In this section
TH4.2 Hunting AiTM Session Hijacking
The previous section covered building the authentication baseline. This section covers hunting aitm session hijacking.
How AiTM works, and why MFA does not stop it
The attacker deploys a reverse proxy (EvilProxy, Evilginx, Caffeine, Tycoon 2FA) that sits between the user and the real Microsoft login page. The user sees a legitimate-looking login form. They enter their credentials. The proxy forwards them to Microsoft. Microsoft challenges with MFA. The user completes MFA on their phone. Microsoft issues a session token. The proxy captures the token and forwards it to the attacker while also completing the login for the user, who notices nothing unusual.
Anti-Pattern
Hunting hunting aitm session hijacking without a hypothesis
The hunter opens Advanced Hunting and starts writing queries without a clear hypothesis. They find interesting data but cannot determine whether it represents a threat, a misconfiguration, or normal activity. Every hunt starts with a hypothesis: a specific, testable statement about attacker behavior.
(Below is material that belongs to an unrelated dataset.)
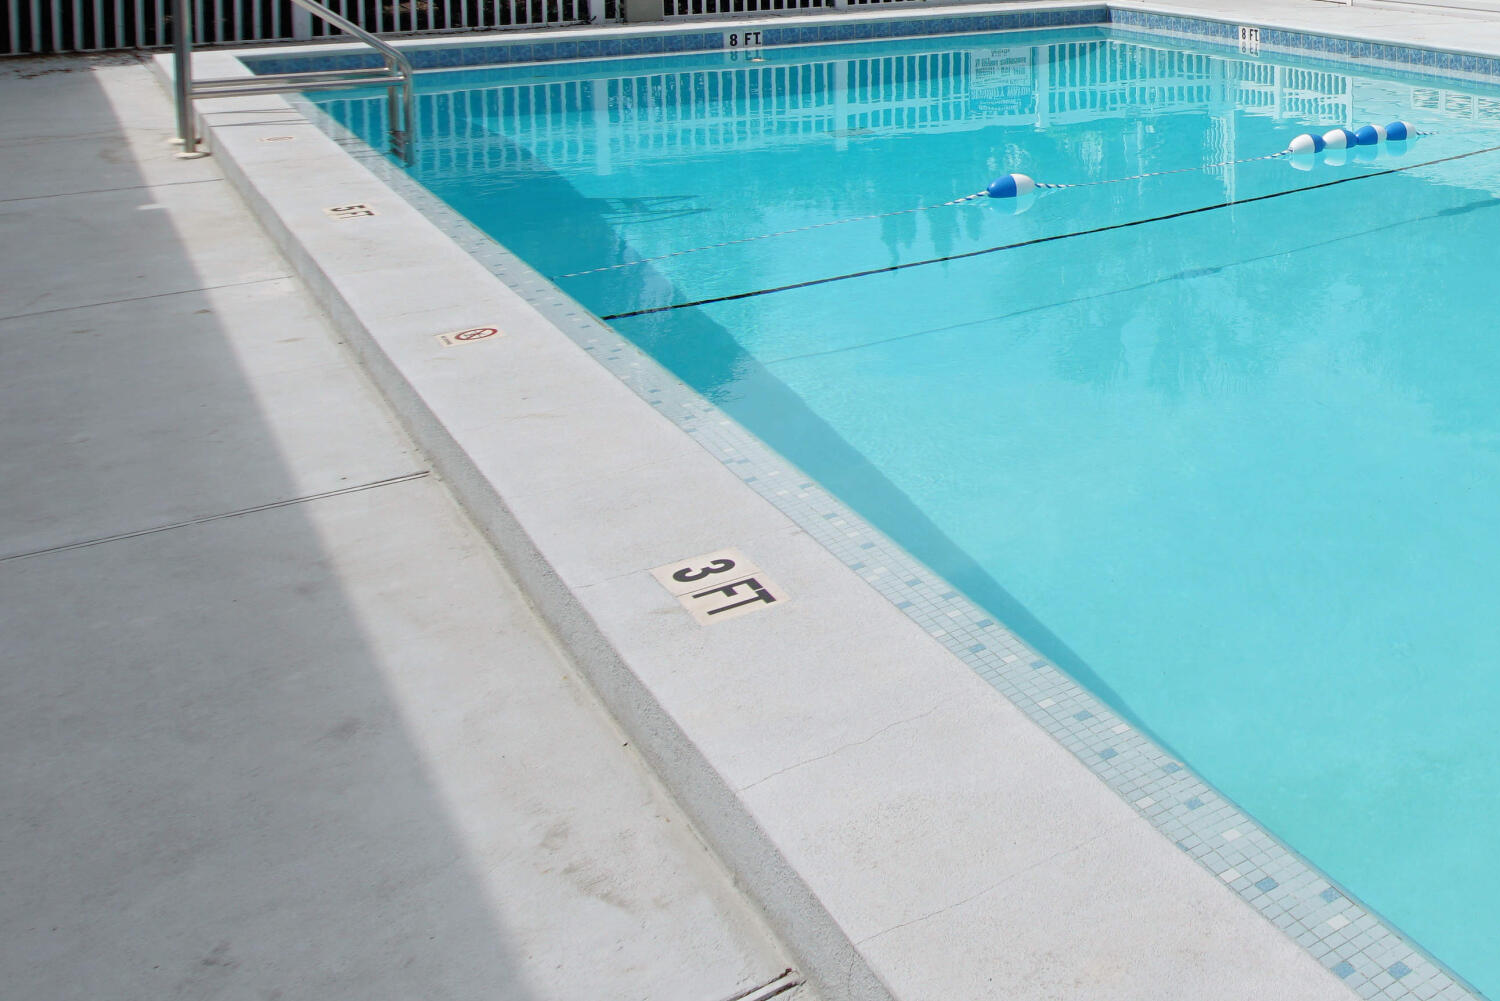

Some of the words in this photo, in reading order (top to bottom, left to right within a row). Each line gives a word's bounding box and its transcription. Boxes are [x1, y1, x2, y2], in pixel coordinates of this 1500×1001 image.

Without a hypothesis, you are exploring, not hunting. Exploration has value, but it produces findings you cannot action without additional scoping.
The attacker now has a valid session token with a completed MFA claim. They import this token into a browser or a tool like ROADtools and authenticate as the user. From Microsoft's perspective, this is a valid session: the credentials were correct, MFA was completed, and the token is properly signed. The only anomaly: the token is being used from a different IP, device, and location than the one where MFA was completed.
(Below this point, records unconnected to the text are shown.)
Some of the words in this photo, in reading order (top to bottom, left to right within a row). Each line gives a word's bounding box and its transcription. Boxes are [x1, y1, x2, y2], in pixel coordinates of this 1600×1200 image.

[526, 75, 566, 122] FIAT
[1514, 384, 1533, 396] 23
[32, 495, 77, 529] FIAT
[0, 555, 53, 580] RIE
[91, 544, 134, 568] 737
This is the detection surface. The interactive sign-in (where MFA was completed) happened from the user's real device, through the proxy's IP. The non-interactive token refresh (where the attacker uses the stolen token) happens from the attacker's infrastructure. The gap between these two authentication events is the signal.
The core AiTM detection query
// AiTM Session Hijacking — Core Detection
// Finds non-interactive token refreshes from IPs that do not
// appear in the user's interactive sign-in history
let baselineWindow = 30d;
let detectionWindow = 7d;
// Step 1: Build per-user interactive IP baseline
let InteractiveBaseline = SigninLogs
| where TimeGenerated > ago(baselineWindow)
| where ResultType == 0
| where IsInteractive == true
| summarize
BaselineIPs = make_set(IPAddress, 100),
BaselineSubnets = make_set(
strcat(split(IPAddress, ".")[0], ".",
split(IPAddress, ".")[1], ".",
split(IPAddress, ".")[2], ".0/24"), 50)
by UserPrincipalName;
// Step 2: Find non-interactive sign-ins from non-baseline IPs
AADNonInteractiveUserSignInLogs
| where TimeGenerated > ago(detectionWindow)
| where ResultType == 0
| join kind=inner InteractiveBaseline
on UserPrincipalName
// Check: is this non-interactive IP in the user's baseline?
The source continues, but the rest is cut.